3. Restore points before risk
Before any risky architectural change, a restore point is committed to version control. If an AI-generated block causes a regression, we roll back to the restore point and approach the problem differently — we do not ask the AI to fix what the AI broke. That loop wastes hours and produces unstable code.
What this means for your project timeline
The practical effect of this workflow is that we can deliver a production-ready MVP in a fraction of the time a traditional agency would quote — without the instability that comes from treating AI as a shortcut rather than a tool.
The speed gain is real. GitHub's research and our own project data both support it. But the gain is only durable when a senior engineer owns the output, enforces the guardrails, and makes the judgment calls that AI cannot.
When you work with a team that has built a real AI workflow, the deliverable is not just faster code.
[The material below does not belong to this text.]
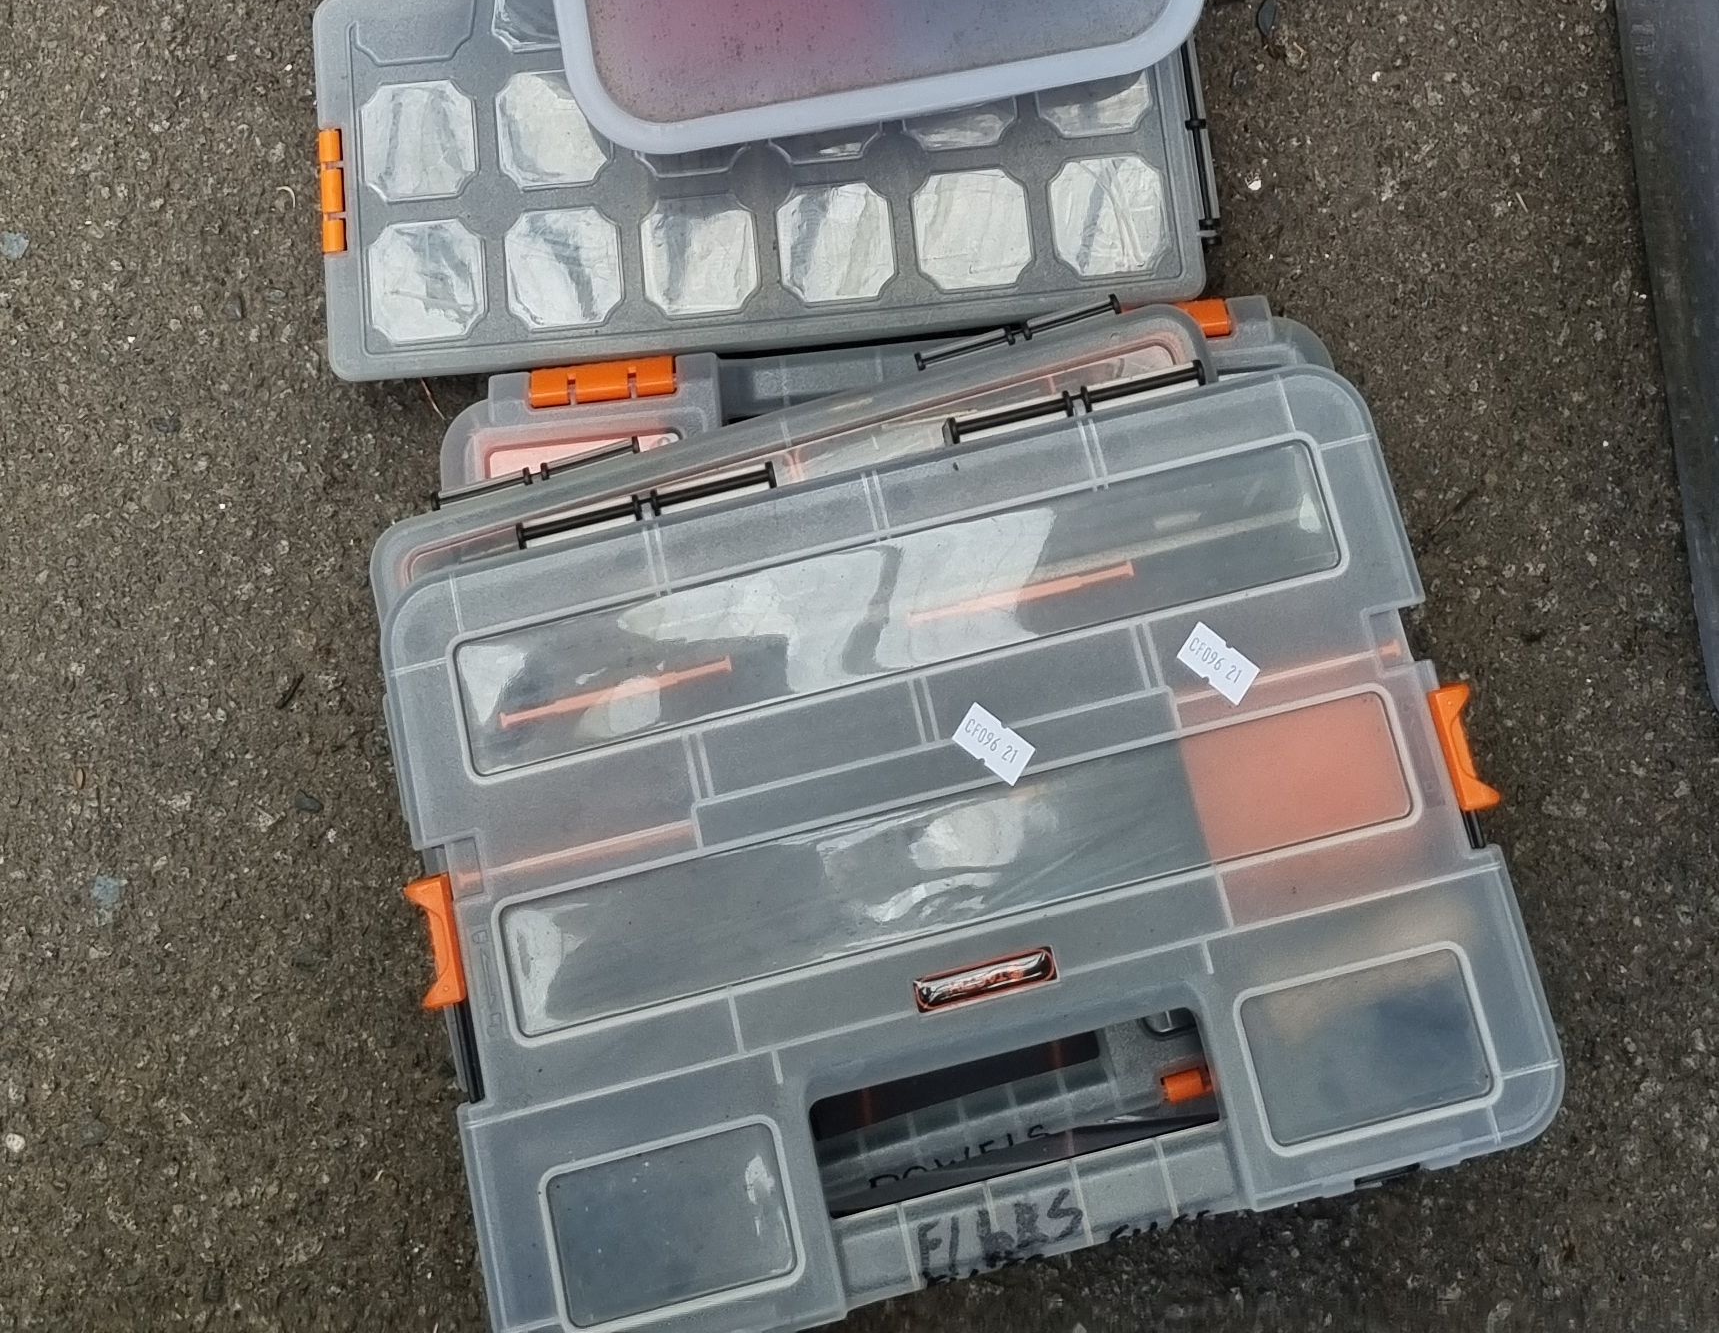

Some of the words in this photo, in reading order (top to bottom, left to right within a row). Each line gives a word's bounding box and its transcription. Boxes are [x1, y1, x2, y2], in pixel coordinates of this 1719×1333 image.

[1188, 636, 1223, 671] CF096
[1225, 663, 1244, 684] 21
[964, 718, 998, 752] CF096
[1001, 743, 1020, 764] 21
It is faster code that holds up when your user base grows, when requirements change, and when the next developer opens the repo for the first time.
Questions to ask any agency that claims to use AI
If you are evaluating development partners, these questions will separate teams with a real workflow from teams using AI as a marketing claim:
- What specific tools do you use, and at which stages of development?
- How do you handle AI-generated regressions?
- Does a senior engineer review every AI-generated commit before it merges?
- What is your rollback procedure when an AI change breaks something in production?
- Can you show me a recent project where AI accelerated delivery and explain exactly how?
An agency with a real process will answer these without hesitation. An agency using AI as a buzzword will give you vague answers about "leveraging cutting-edge tools."